Dataset records below:

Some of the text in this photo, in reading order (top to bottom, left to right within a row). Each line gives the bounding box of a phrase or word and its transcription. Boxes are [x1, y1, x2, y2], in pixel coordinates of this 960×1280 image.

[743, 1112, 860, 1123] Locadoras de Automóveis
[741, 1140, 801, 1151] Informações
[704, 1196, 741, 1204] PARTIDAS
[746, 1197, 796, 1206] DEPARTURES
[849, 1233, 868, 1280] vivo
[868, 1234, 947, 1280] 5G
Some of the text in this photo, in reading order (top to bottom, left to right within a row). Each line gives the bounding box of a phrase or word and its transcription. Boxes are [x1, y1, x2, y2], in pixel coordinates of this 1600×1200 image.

End of Dataset records.
Dataset records below:

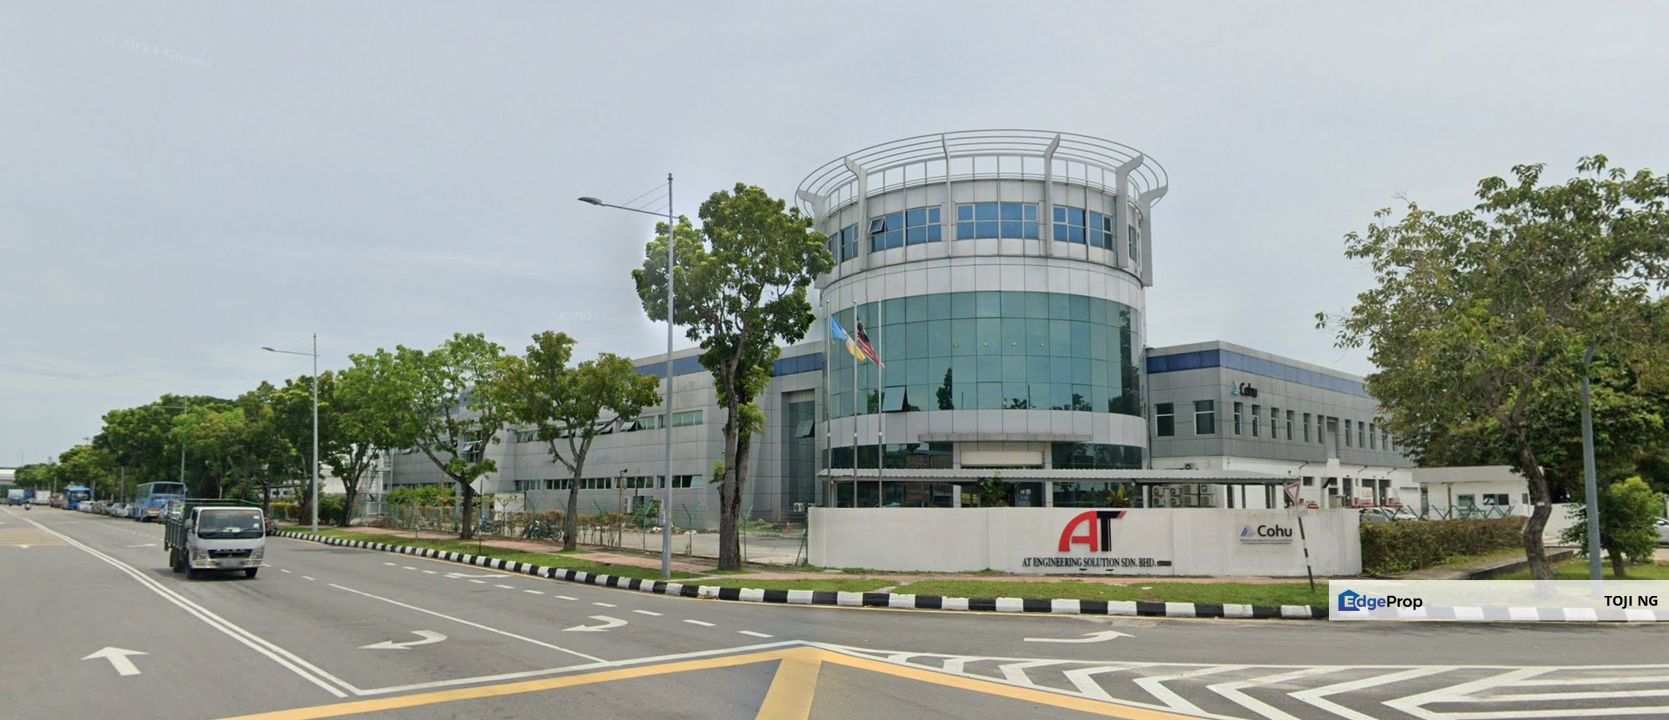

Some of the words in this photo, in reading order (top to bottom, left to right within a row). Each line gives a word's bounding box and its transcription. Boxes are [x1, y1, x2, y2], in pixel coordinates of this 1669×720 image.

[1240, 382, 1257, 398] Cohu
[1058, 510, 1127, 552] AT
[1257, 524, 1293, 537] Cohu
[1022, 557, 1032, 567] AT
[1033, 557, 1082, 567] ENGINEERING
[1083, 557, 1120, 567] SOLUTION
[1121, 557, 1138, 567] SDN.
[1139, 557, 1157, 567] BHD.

End of Dataset records.
Dataset records below:

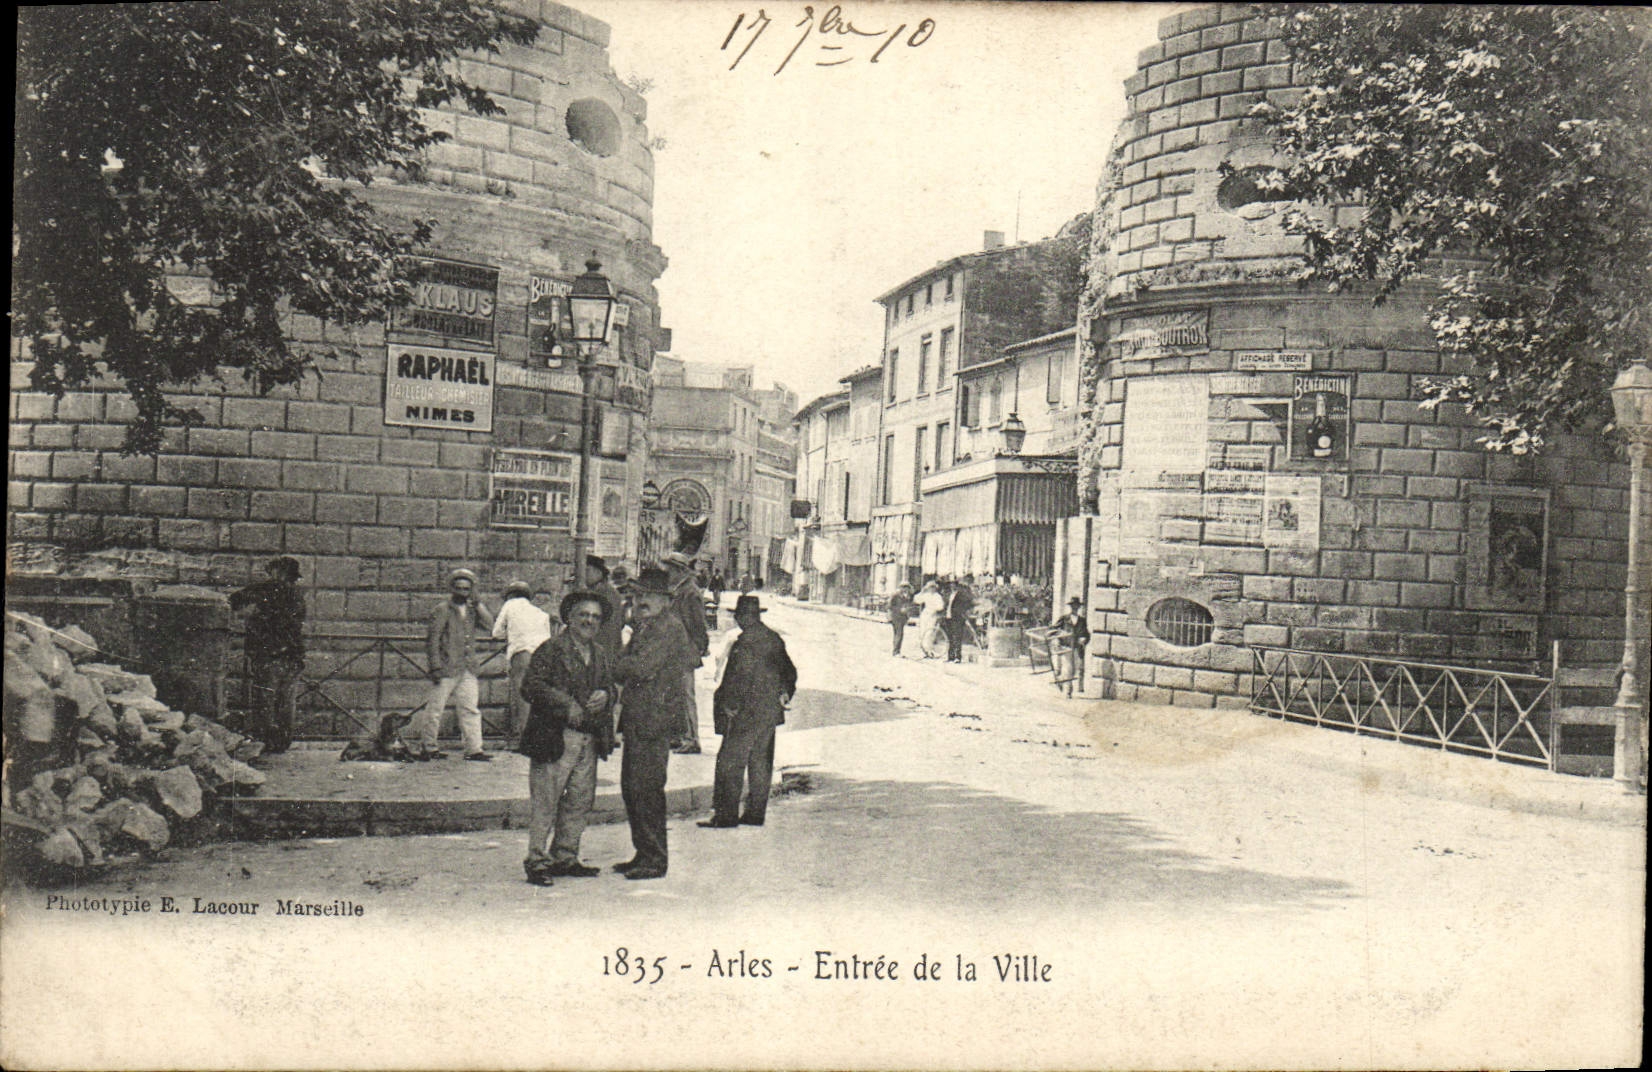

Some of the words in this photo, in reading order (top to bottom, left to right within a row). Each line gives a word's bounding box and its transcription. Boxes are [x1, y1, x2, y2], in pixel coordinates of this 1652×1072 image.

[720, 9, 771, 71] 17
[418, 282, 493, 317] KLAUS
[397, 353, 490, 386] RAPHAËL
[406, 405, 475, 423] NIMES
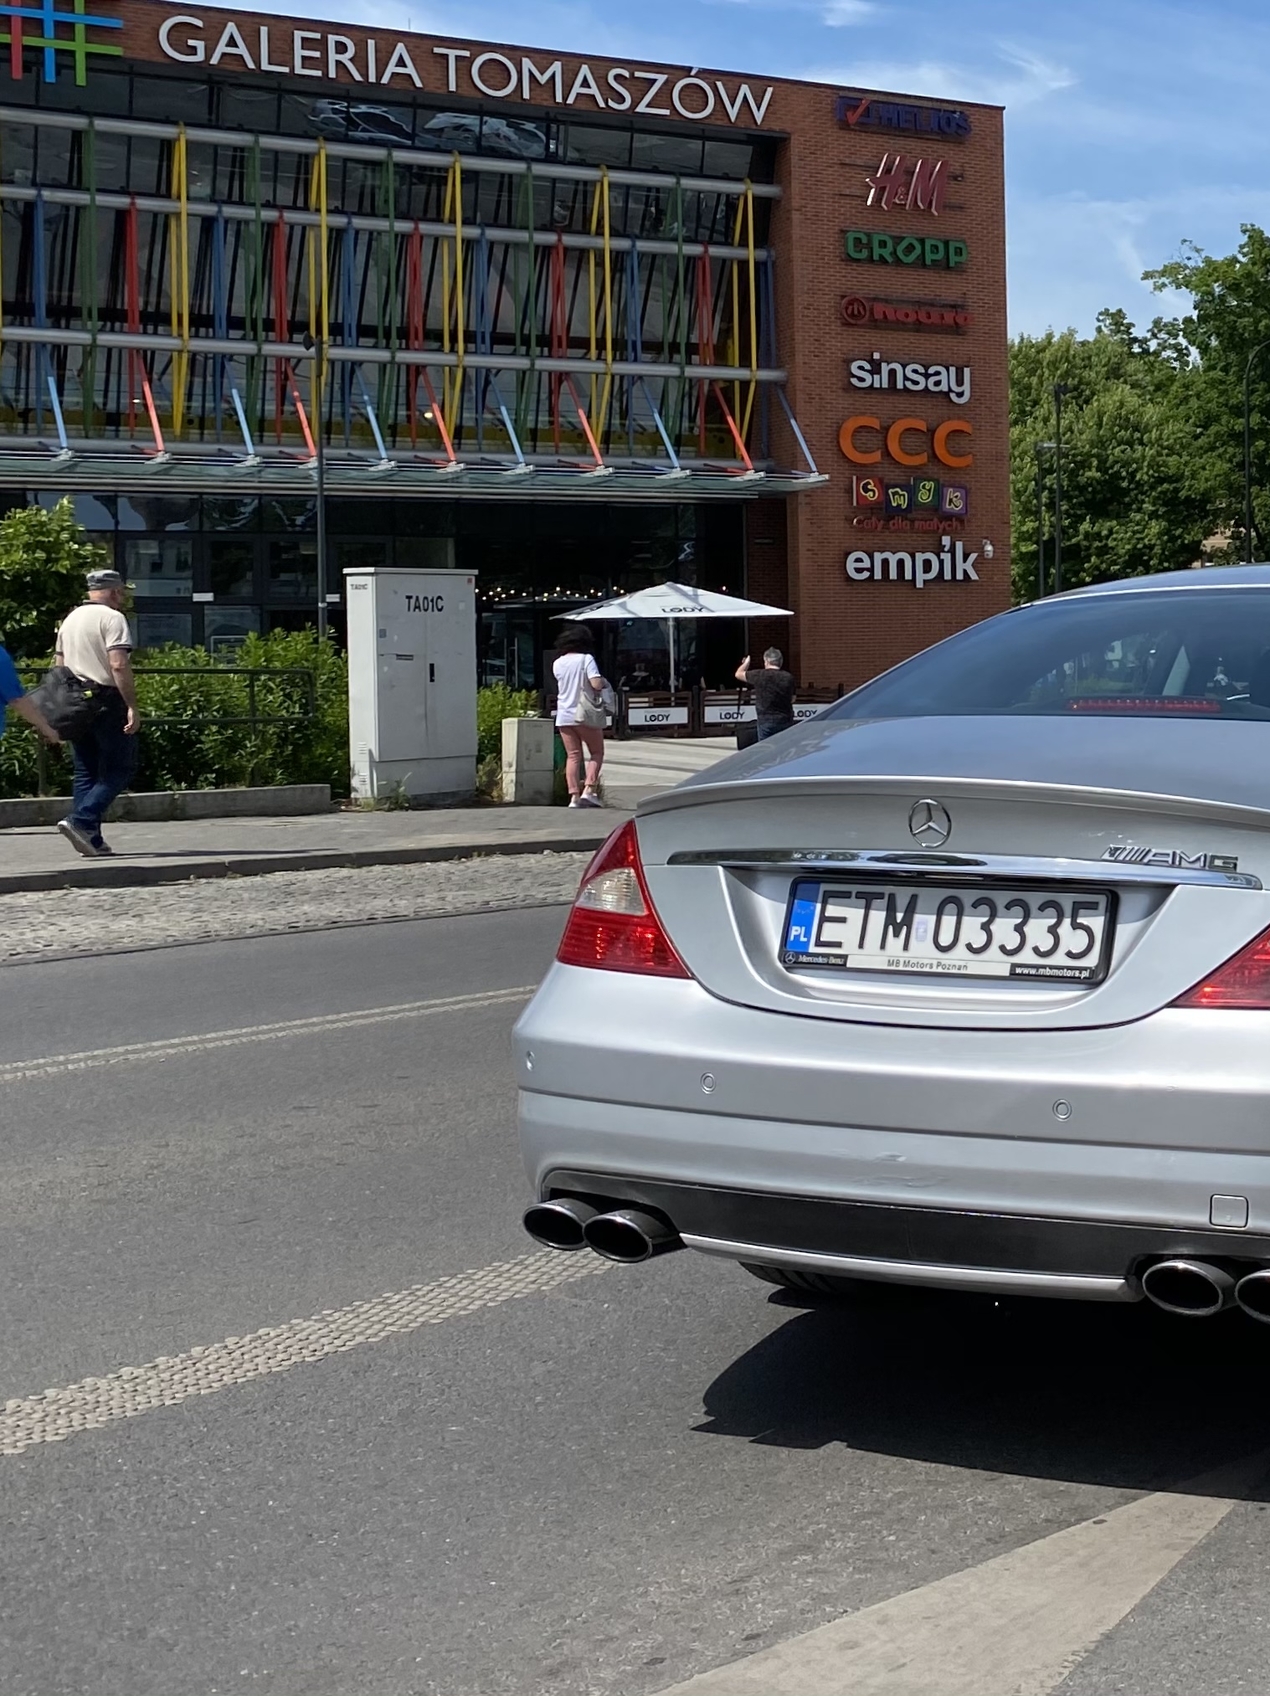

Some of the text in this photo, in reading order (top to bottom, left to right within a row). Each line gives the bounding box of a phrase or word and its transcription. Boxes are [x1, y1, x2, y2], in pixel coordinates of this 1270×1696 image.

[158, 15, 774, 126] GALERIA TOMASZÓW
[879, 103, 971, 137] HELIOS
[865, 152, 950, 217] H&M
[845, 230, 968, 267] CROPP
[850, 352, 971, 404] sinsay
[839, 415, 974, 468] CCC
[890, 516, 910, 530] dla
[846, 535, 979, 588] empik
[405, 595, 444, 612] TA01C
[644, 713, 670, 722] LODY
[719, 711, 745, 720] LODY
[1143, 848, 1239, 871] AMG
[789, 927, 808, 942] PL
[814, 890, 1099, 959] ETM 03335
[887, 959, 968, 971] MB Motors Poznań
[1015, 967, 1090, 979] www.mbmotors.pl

End of Dataset records.

▶ **What is expected**:
Your answer should be the lines above, from the line containing "this 960×1280 image." up to and including the line containing "this 1600×1200 image.", reproduced exactly and with nothing else.

▶ **Response to this task**:
Some of the text in this photo, in reading order (top to bottom, left to right within a row). Each line gives the bounding box of a phrase or word and its transcription. Boxes are [x1, y1, x2, y2], in pixel coordinates of this 960×1280 image.

[743, 1112, 860, 1123] Locadoras de Automóveis
[741, 1140, 801, 1151] Informações
[704, 1196, 741, 1204] PARTIDAS
[746, 1197, 796, 1206] DEPARTURES
[849, 1233, 868, 1280] vivo
[868, 1234, 947, 1280] 5G
Some of the text in this photo, in reading order (top to bottom, left to right within a row). Each line gives the bounding box of a phrase or word and its transcription. Boxes are [x1, y1, x2, y2], in pixel coordinates of this 1600×1200 image.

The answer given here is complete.